INFORMATION SHOWN: Begin
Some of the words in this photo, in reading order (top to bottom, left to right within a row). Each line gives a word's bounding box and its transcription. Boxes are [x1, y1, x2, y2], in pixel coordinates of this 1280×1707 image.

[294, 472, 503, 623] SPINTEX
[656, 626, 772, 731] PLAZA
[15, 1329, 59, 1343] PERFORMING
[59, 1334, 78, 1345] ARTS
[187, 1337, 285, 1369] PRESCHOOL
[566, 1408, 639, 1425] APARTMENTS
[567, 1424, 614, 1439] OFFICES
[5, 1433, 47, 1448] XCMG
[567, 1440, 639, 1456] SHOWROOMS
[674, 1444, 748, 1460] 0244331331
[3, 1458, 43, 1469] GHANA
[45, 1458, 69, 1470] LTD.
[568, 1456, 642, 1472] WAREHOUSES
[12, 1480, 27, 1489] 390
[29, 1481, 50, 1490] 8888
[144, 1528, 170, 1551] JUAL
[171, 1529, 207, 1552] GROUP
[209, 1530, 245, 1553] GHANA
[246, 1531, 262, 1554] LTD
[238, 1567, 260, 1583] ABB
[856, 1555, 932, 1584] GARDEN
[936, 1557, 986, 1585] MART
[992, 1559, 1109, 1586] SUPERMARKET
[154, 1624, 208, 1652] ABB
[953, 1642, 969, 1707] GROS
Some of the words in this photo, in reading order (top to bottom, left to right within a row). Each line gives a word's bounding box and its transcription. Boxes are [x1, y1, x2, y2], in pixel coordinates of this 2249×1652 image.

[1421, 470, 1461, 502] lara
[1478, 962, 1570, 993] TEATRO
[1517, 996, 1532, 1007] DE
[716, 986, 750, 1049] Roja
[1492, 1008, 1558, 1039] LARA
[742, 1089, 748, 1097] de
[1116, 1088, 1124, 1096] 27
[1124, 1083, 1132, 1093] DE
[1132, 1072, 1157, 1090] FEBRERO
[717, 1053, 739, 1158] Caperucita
INFORMATION SHOWN: End
WHAT THE TASK ASKS:
Make an exact transcription of the entries.

SOLUTION:
Some of the words in this photo, in reading order (top to bottom, left to right within a row). Each line gives a word's bounding box and its transcription. Boxes are [x1, y1, x2, y2], in pixel coordinates of this 1280×1707 image.

[294, 472, 503, 623] SPINTEX
[656, 626, 772, 731] PLAZA
[15, 1329, 59, 1343] PERFORMING
[59, 1334, 78, 1345] ARTS
[187, 1337, 285, 1369] PRESCHOOL
[566, 1408, 639, 1425] APARTMENTS
[567, 1424, 614, 1439] OFFICES
[5, 1433, 47, 1448] XCMG
[567, 1440, 639, 1456] SHOWROOMS
[674, 1444, 748, 1460] 0244331331
[3, 1458, 43, 1469] GHANA
[45, 1458, 69, 1470] LTD.
[568, 1456, 642, 1472] WAREHOUSES
[12, 1480, 27, 1489] 390
[29, 1481, 50, 1490] 8888
[144, 1528, 170, 1551] JUAL
[171, 1529, 207, 1552] GROUP
[209, 1530, 245, 1553] GHANA
[246, 1531, 262, 1554] LTD
[238, 1567, 260, 1583] ABB
[856, 1555, 932, 1584] GARDEN
[936, 1557, 986, 1585] MART
[992, 1559, 1109, 1586] SUPERMARKET
[154, 1624, 208, 1652] ABB
[953, 1642, 969, 1707] GROS
Some of the words in this photo, in reading order (top to bottom, left to right within a row). Each line gives a word's bounding box and its transcription. Boxes are [x1, y1, x2, y2], in pixel coordinates of this 2249×1652 image.

[1421, 470, 1461, 502] lara
[1478, 962, 1570, 993] TEATRO
[1517, 996, 1532, 1007] DE
[716, 986, 750, 1049] Roja
[1492, 1008, 1558, 1039] LARA
[742, 1089, 748, 1097] de
[1116, 1088, 1124, 1096] 27
[1124, 1083, 1132, 1093] DE
[1132, 1072, 1157, 1090] FEBRERO
[717, 1053, 739, 1158] Caperucita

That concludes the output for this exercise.